(SUPPLIED MATERIAL Opens)

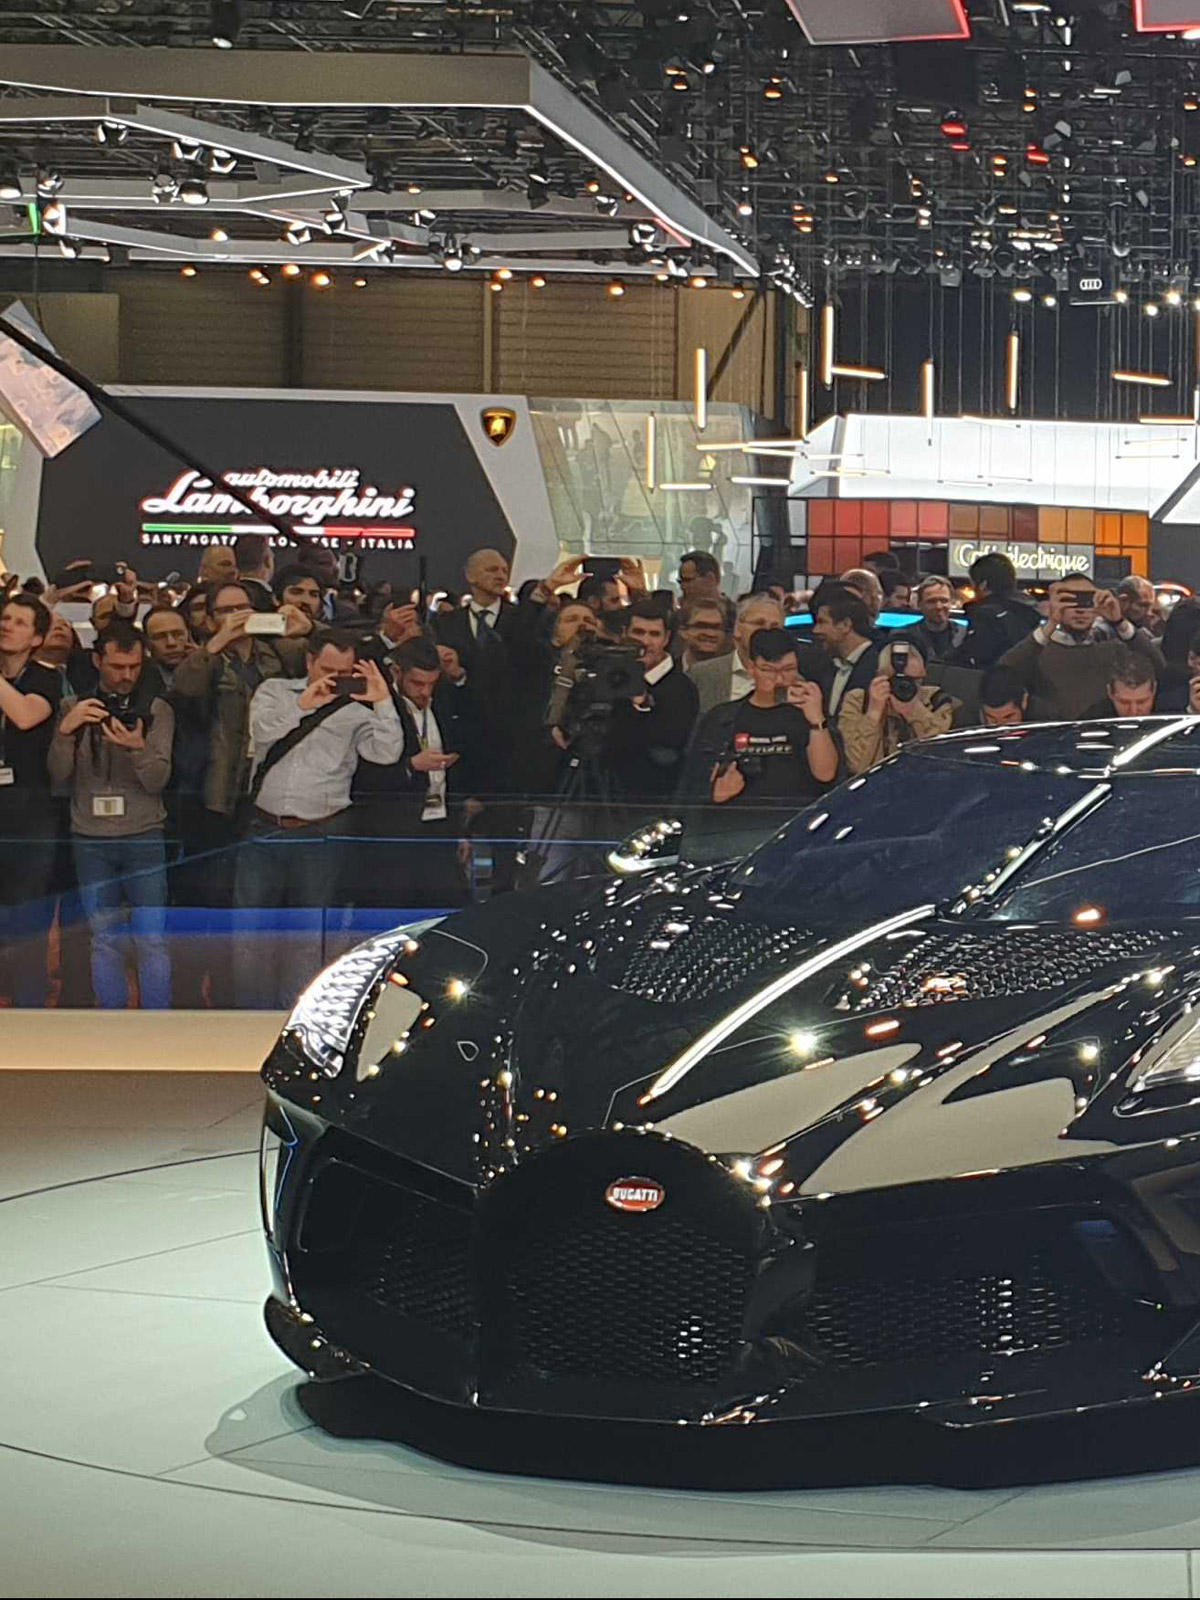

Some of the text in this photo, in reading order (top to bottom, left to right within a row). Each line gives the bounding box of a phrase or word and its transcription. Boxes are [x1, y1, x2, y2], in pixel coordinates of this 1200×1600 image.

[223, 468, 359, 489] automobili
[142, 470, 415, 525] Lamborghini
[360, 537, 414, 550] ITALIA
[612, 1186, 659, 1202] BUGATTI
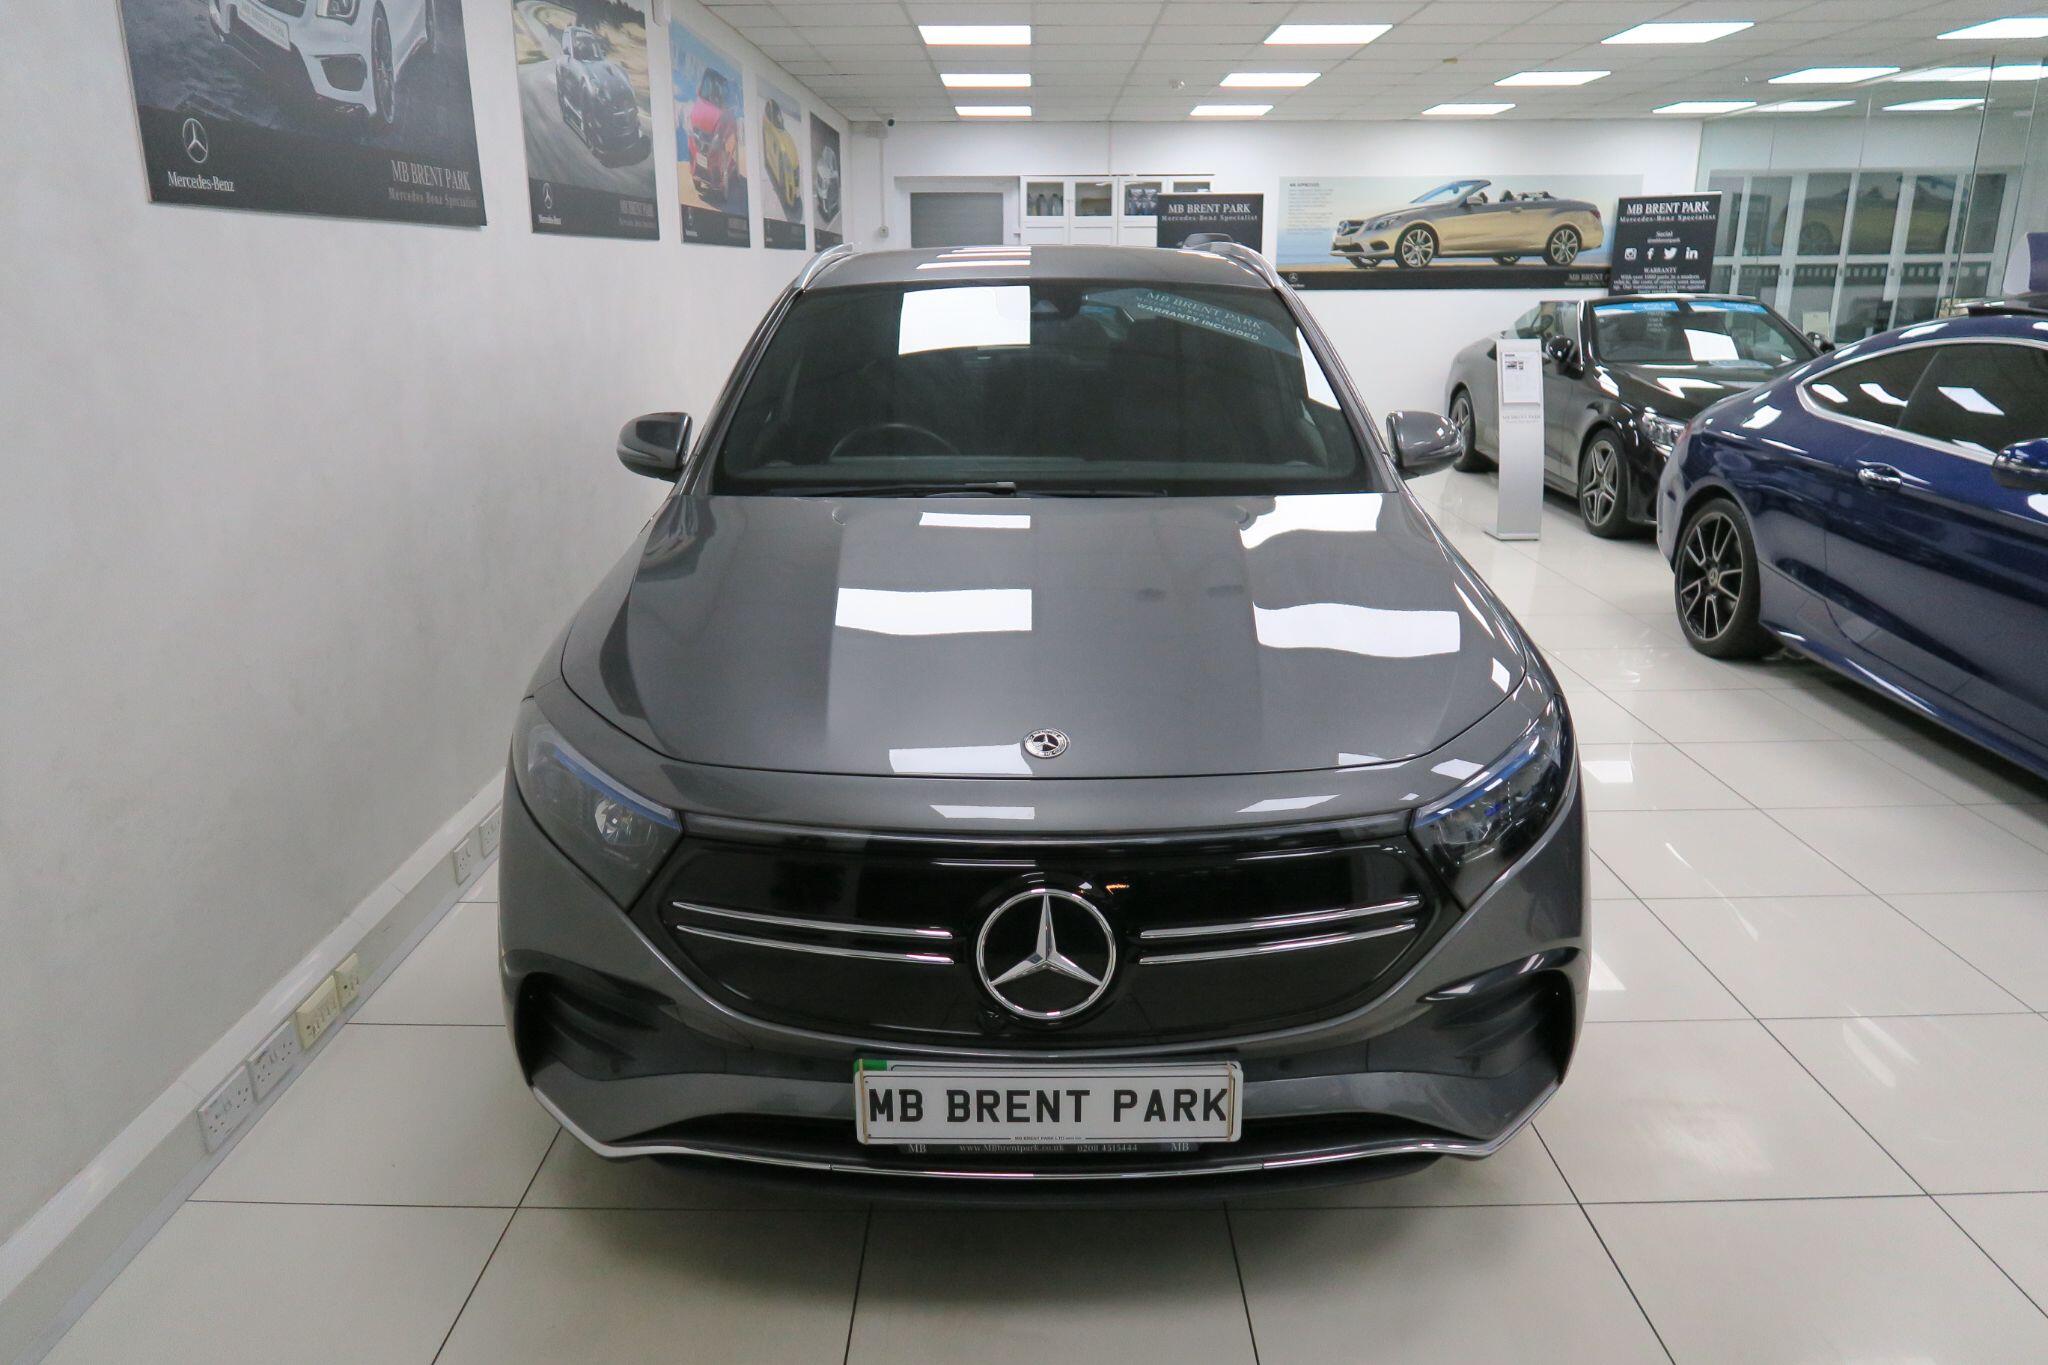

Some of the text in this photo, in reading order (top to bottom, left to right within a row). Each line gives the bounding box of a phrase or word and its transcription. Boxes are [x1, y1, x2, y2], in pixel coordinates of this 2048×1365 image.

(SUPPLIED MATERIAL Closes)

EXERCISE - Each entry above must come back exactly as written. Drop the images.

RESPONSE TO THE EXERCISE -
Some of the text in this photo, in reading order (top to bottom, left to right within a row). Each line gives the bounding box of a phrase or word and its transcription. Boxes are [x1, y1, x2, y2], in pixel coordinates of this 1200×1600 image.

[223, 468, 359, 489] automobili
[142, 470, 415, 525] Lamborghini
[360, 537, 414, 550] ITALIA
[612, 1186, 659, 1202] BUGATTI

Some of the text in this photo, in reading order (top to bottom, left to right within a row). Each line gives the bounding box of a phrase or word and its transcription. Boxes are [x1, y1, x2, y2], in pixel coordinates of this 2048×1365 image.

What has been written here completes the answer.